* _Records supplied_:
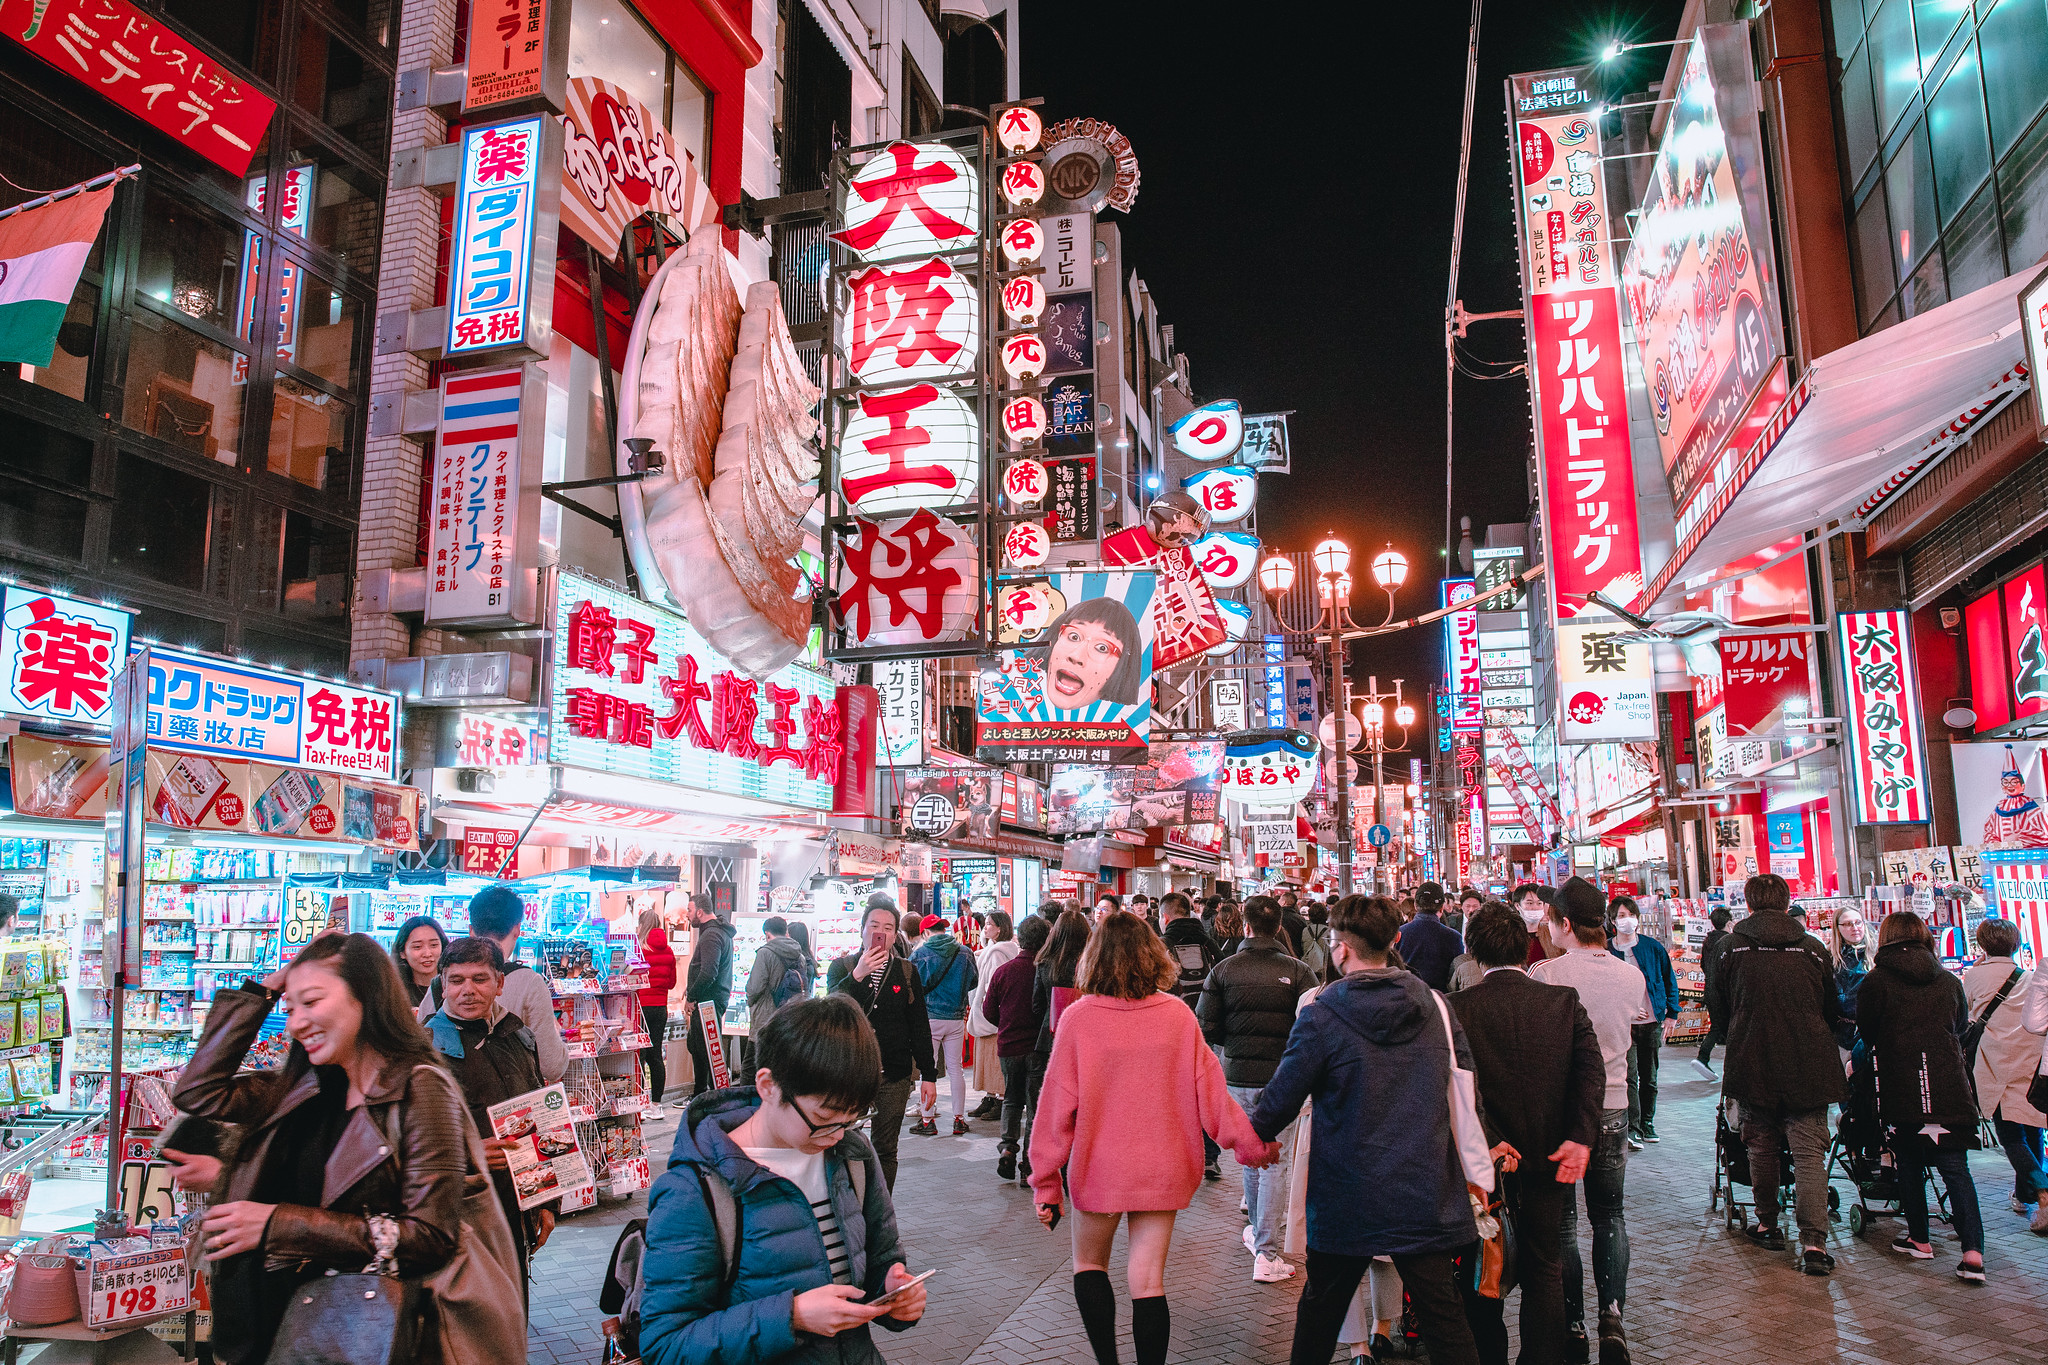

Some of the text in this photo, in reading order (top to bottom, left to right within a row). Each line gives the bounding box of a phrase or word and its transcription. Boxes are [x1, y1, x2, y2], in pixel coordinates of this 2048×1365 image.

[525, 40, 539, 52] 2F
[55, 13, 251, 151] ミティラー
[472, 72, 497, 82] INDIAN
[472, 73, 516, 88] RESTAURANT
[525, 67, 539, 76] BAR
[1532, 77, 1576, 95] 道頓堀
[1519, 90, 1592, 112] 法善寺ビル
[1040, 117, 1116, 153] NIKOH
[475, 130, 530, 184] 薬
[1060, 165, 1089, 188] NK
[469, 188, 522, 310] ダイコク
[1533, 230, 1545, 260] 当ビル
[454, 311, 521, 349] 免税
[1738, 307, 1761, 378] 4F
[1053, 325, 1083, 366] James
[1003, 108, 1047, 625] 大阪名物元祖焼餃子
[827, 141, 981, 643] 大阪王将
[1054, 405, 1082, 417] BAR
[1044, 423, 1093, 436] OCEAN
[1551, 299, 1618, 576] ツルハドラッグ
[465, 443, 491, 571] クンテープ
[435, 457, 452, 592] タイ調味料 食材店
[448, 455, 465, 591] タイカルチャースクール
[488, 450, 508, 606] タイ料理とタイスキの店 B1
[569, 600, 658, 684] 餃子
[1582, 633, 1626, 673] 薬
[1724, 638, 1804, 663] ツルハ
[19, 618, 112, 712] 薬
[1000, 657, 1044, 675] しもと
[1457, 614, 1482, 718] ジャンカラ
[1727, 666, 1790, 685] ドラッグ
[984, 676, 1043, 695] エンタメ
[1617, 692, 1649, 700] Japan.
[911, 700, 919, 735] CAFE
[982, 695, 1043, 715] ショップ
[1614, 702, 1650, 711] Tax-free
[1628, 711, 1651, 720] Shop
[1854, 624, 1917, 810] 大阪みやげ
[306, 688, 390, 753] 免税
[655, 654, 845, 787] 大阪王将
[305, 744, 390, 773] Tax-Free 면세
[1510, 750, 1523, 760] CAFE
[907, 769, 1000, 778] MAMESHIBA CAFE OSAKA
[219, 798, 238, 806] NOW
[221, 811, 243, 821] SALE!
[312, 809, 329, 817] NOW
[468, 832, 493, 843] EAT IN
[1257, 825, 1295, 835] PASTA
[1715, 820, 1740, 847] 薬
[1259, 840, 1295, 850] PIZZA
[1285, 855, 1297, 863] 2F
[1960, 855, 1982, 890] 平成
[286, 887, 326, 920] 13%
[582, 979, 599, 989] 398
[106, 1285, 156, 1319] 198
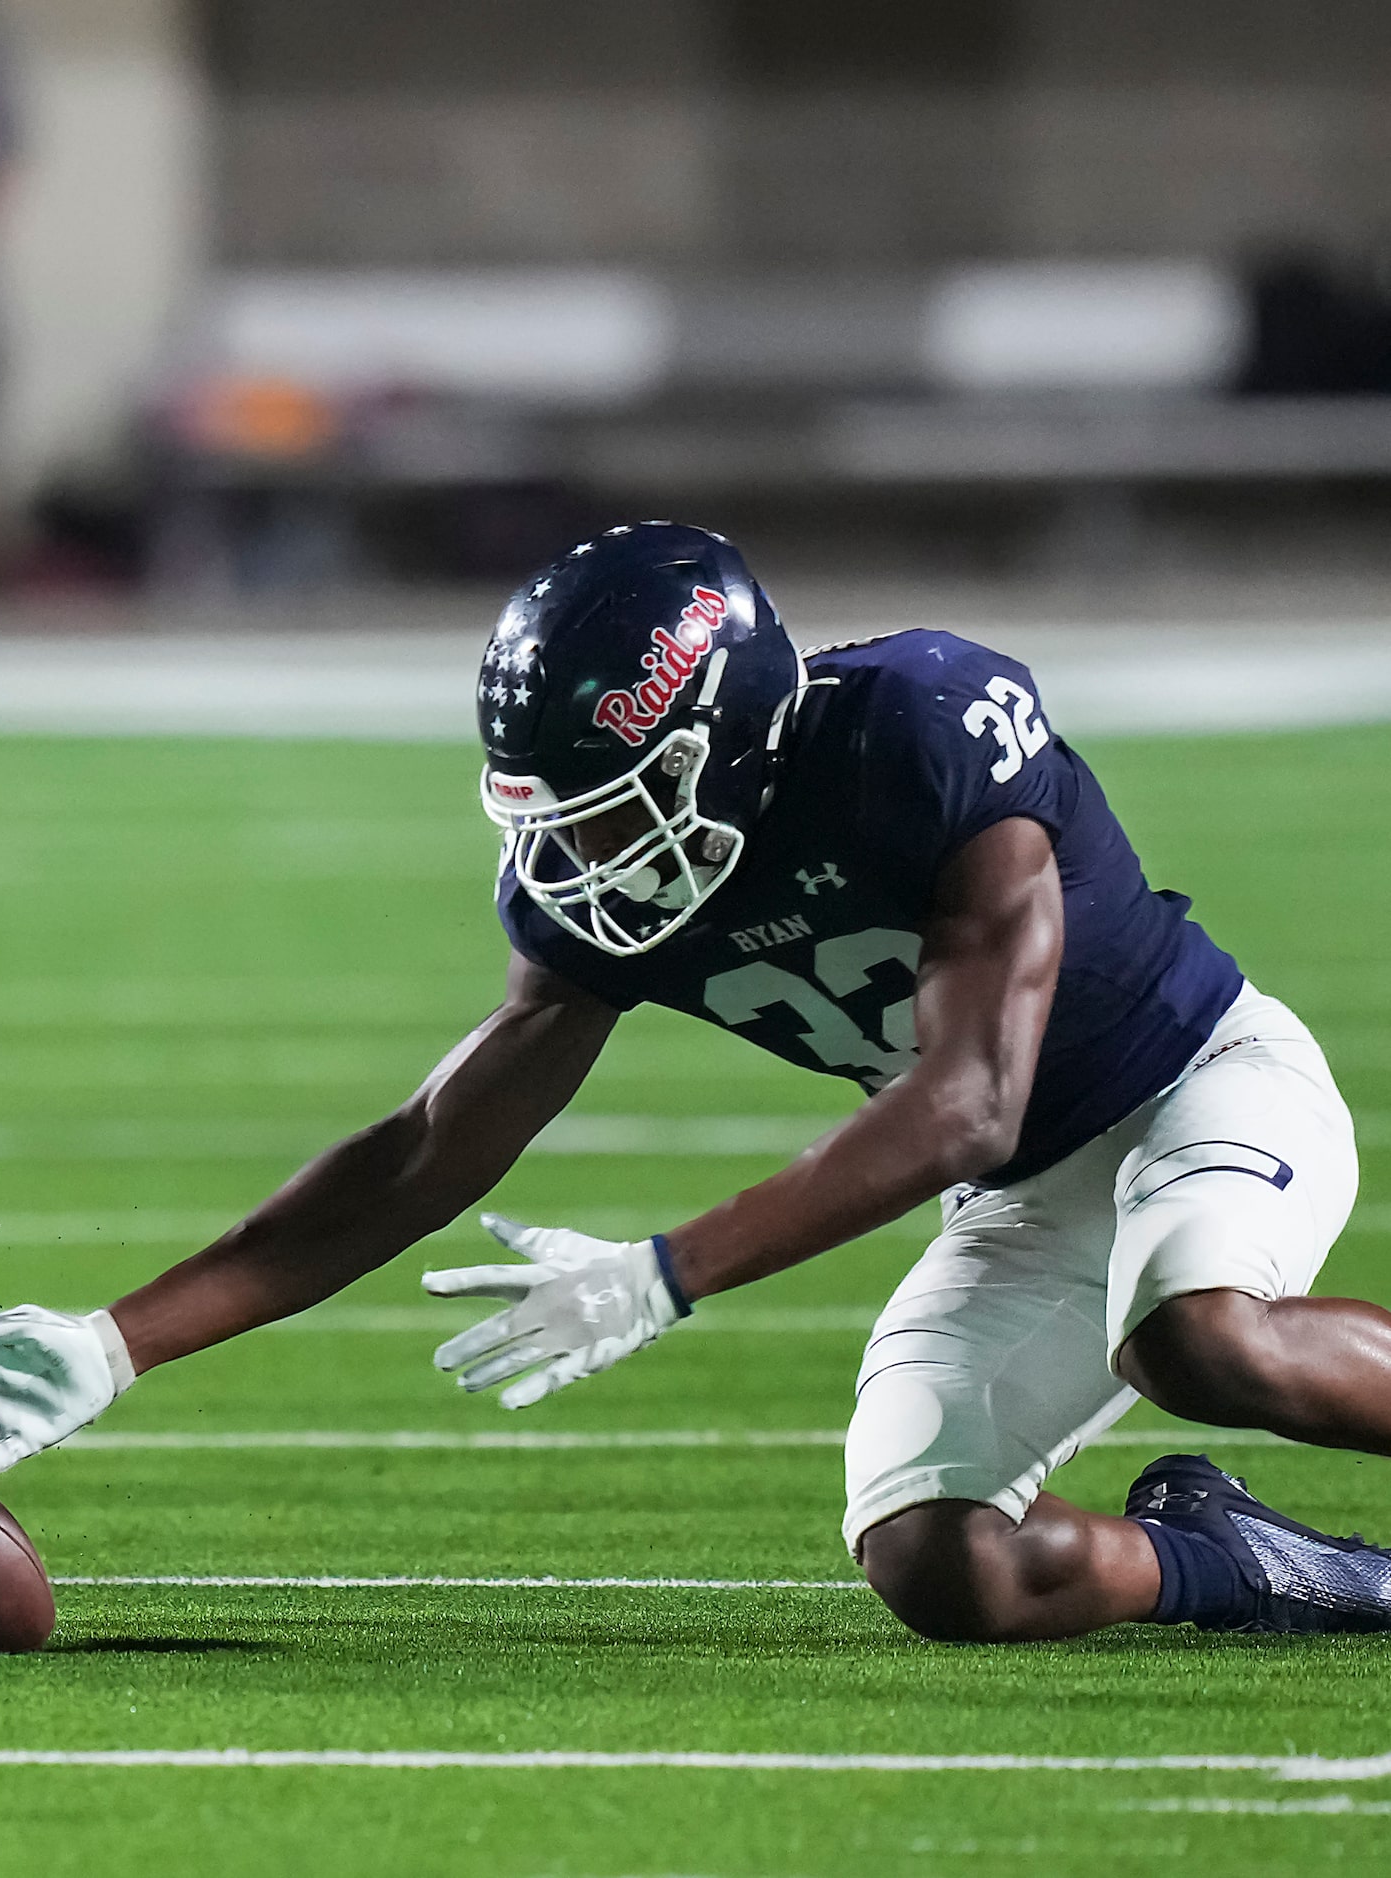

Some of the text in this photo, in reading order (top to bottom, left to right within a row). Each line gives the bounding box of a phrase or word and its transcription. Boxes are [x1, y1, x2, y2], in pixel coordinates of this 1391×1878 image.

* _The task_: Repeat the listing above word for word. Do not include the pictures.

* _Result for this task_:
Some of the text in this photo, in reading order (top to bottom, left to right within a row). Each line gives the bounding box of a phrase or word and its transcription. Boxes are [x1, y1, x2, y2], in pixel coordinates of this 2048×1365 image.

[525, 40, 539, 52] 2F
[55, 13, 251, 151] ミティラー
[472, 72, 497, 82] INDIAN
[472, 73, 516, 88] RESTAURANT
[525, 67, 539, 76] BAR
[1532, 77, 1576, 95] 道頓堀
[1519, 90, 1592, 112] 法善寺ビル
[1040, 117, 1116, 153] NIKOH
[475, 130, 530, 184] 薬
[1060, 165, 1089, 188] NK
[469, 188, 522, 310] ダイコク
[1533, 230, 1545, 260] 当ビル
[454, 311, 521, 349] 免税
[1738, 307, 1761, 378] 4F
[1053, 325, 1083, 366] James
[1003, 108, 1047, 625] 大阪名物元祖焼餃子
[827, 141, 981, 643] 大阪王将
[1054, 405, 1082, 417] BAR
[1044, 423, 1093, 436] OCEAN
[1551, 299, 1618, 576] ツルハドラッグ
[465, 443, 491, 571] クンテープ
[435, 457, 452, 592] タイ調味料 食材店
[448, 455, 465, 591] タイカルチャースクール
[488, 450, 508, 606] タイ料理とタイスキの店 B1
[569, 600, 658, 684] 餃子
[1582, 633, 1626, 673] 薬
[1724, 638, 1804, 663] ツルハ
[19, 618, 112, 712] 薬
[1000, 657, 1044, 675] しもと
[1457, 614, 1482, 718] ジャンカラ
[1727, 666, 1790, 685] ドラッグ
[984, 676, 1043, 695] エンタメ
[1617, 692, 1649, 700] Japan.
[911, 700, 919, 735] CAFE
[982, 695, 1043, 715] ショップ
[1614, 702, 1650, 711] Tax-free
[1628, 711, 1651, 720] Shop
[1854, 624, 1917, 810] 大阪みやげ
[306, 688, 390, 753] 免税
[655, 654, 845, 787] 大阪王将
[305, 744, 390, 773] Tax-Free 면세
[1510, 750, 1523, 760] CAFE
[907, 769, 1000, 778] MAMESHIBA CAFE OSAKA
[219, 798, 238, 806] NOW
[221, 811, 243, 821] SALE!
[312, 809, 329, 817] NOW
[468, 832, 493, 843] EAT IN
[1257, 825, 1295, 835] PASTA
[1715, 820, 1740, 847] 薬
[1259, 840, 1295, 850] PIZZA
[1285, 855, 1297, 863] 2F
[1960, 855, 1982, 890] 平成
[286, 887, 326, 920] 13%
[582, 979, 599, 989] 398
[106, 1285, 156, 1319] 198

Some of the text in this photo, in reading order (top to bottom, left to right within a row). Each line gives the bounding box of a phrase or word and its transcription. Boxes are [x1, y1, x2, y2], in pixel coordinates of this 1391×1878 image.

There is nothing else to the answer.